More information can be found in the respective README files:

AWS Lambda settings

AWS Lambda is leveraged for parallel execution of Primer3 binary. Primer3 is a command line tool to select primers for polymerase chain reaction (PCR). This option can be selected as one of the parameters in the SSSM workflow, by default it is disabled.

This AWS Lambda function can be run in three different modes of execution.

Local deployment

Local deployment is enabled in the application by exporting the following environment variable:

RUN_LAMBDA_LOCAL=1

To start the Lambda endpoint locally, you can run the following command:

make run-lambda

Docker deployment

Docker deployment is enabled in the application by exporting the following environment variable:

RUN_LAMBDA_DOCKER=1

To start the Lambda endpoint in Docker container, you can run the following command:

docker-compose up lambda

Cloud deployment

It's possible to create a deployment package to AWS Lambda service in the AWS cloud using the provided Makefile commands in the lambda directory.

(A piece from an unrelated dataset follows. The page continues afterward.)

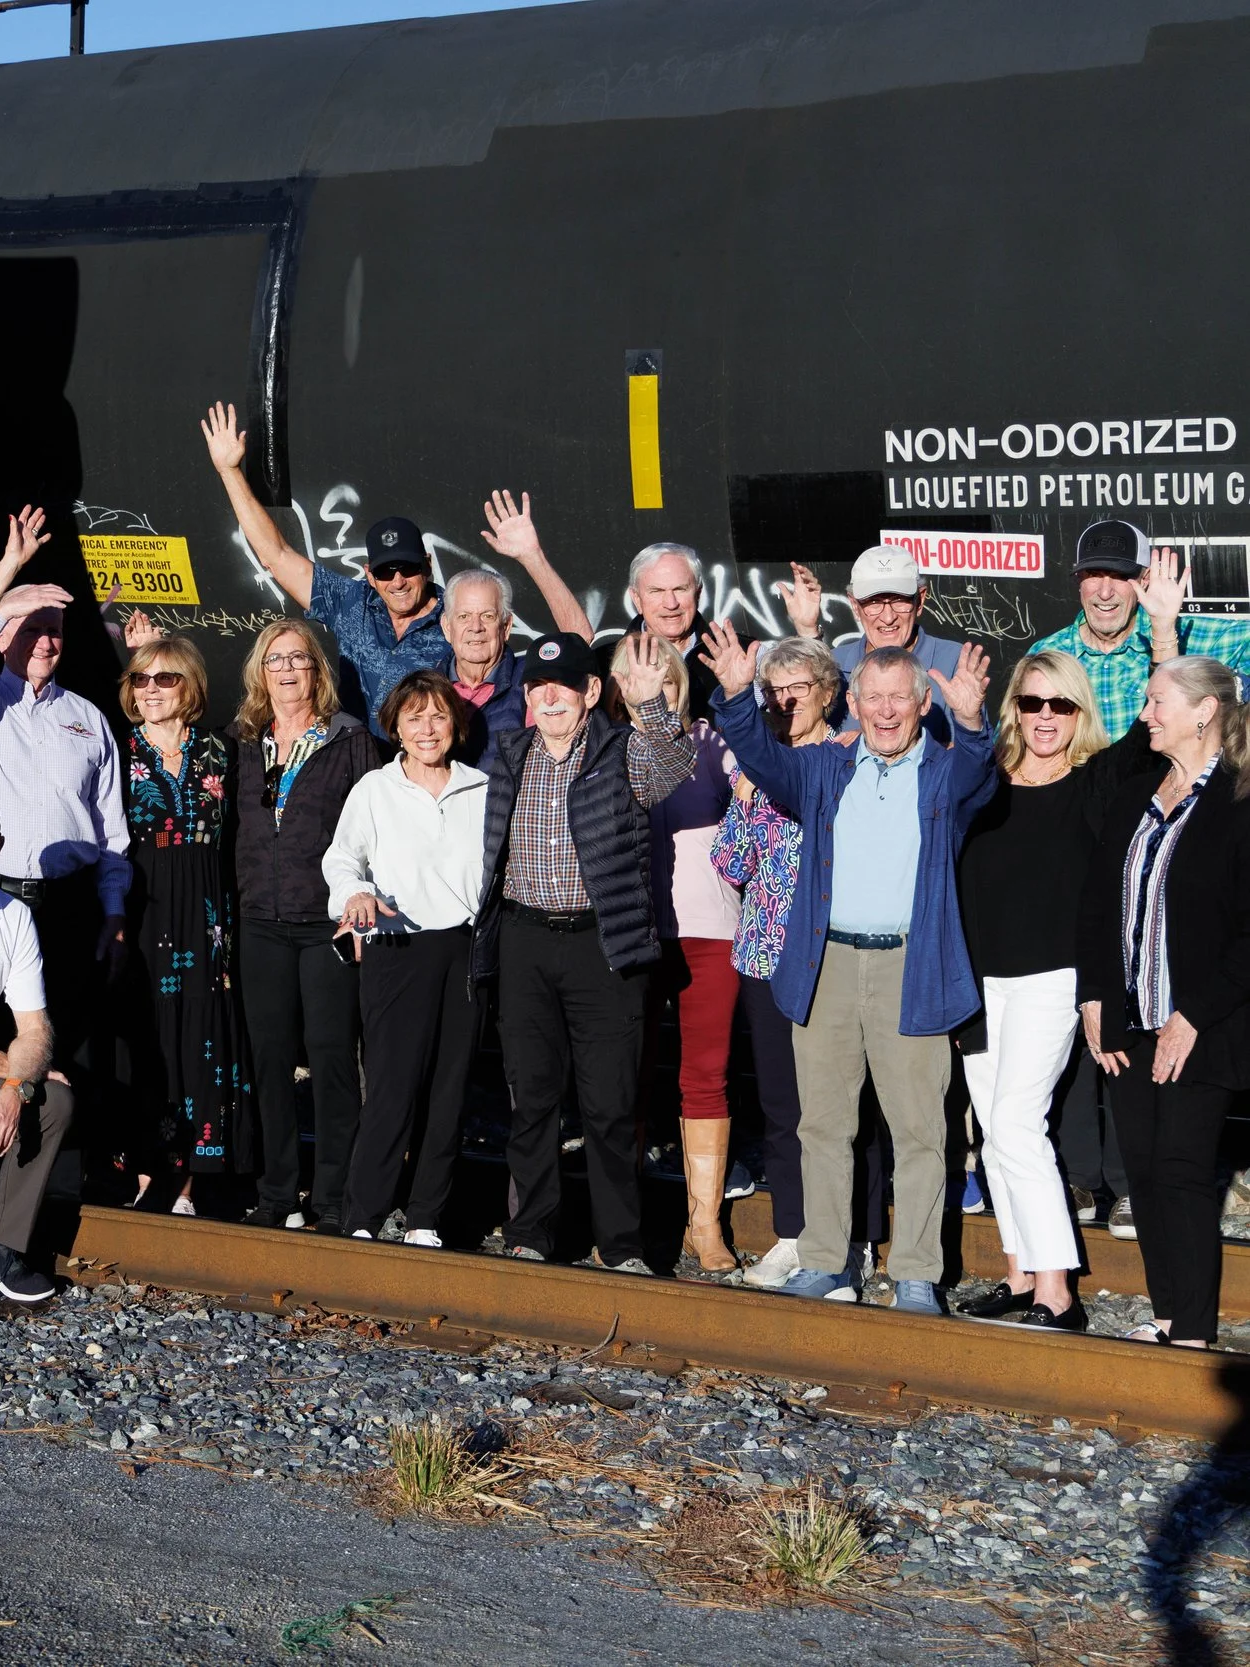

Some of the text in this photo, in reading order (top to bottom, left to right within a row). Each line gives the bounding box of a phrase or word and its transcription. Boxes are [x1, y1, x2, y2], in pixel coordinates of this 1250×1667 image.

Please refer to the official AWS documentation for more details: https://docs.aws.amazon.com/lambda/latest/dg/python-package.html

AWS Lambda service cloud deployment is enabled in the application by exporting the following environment variables:

RUN_LAMBDA_LOCAL=0
RUN_LAMBDA_DOCKER=0
LAMBDA_FN_NAME

To use your own Lambda function in AWS, please export the function name into LAMBDA_FN_NAME environment variable. Additionally, you'll need to export the AWS Region where the function resides and the respective AWS credentials authorized to run this function.

Exporting AWS Credentials:

AWS_DEFAULT_REGION
AWS_ACCESS_KEY_ID
AWS_SECRET_ACCESS_KEY

Testing

All Mutation Maker workflows (SSSM, MSDM, PAS) are covered with unit tests of the backend features.

Unit tests

Basic unit test for Mutation Maker backend. These require user to specify their own sequences and mutations for testing.

Unit tests requirements

Same as for Mutation Maker application however you need to run the Python interpreter with a following variable:

# Run from backend
PYTHONHASHSEED=0 python -m unittest tests/unit_tests/*

Contributing

We welcome contributions from the community.

For more information check the following resources:

Reporting bugs

Bugs are tracked as GitHub issues. Please explain the problem and include additional details to help maintainers reproduce the issue. Use a clear and descriptive title for the issue to identify the problem, and describe the exact steps which reproduce the problem.

Submitting changes

Please send a GitHub Pull Request to Mutation Maker with a clear list of what you've done. Please make sure all of your commits are atomic (one feature per commit).

Always write a clear log message for your commits. One-line messages are fine for small changes, but bigger changes should look like this:

$ git commit -m "A brief summary of the commit
> 
> A paragraph describing what changed and its impact."

License

Mutation Maker is licensed under GPLv3+.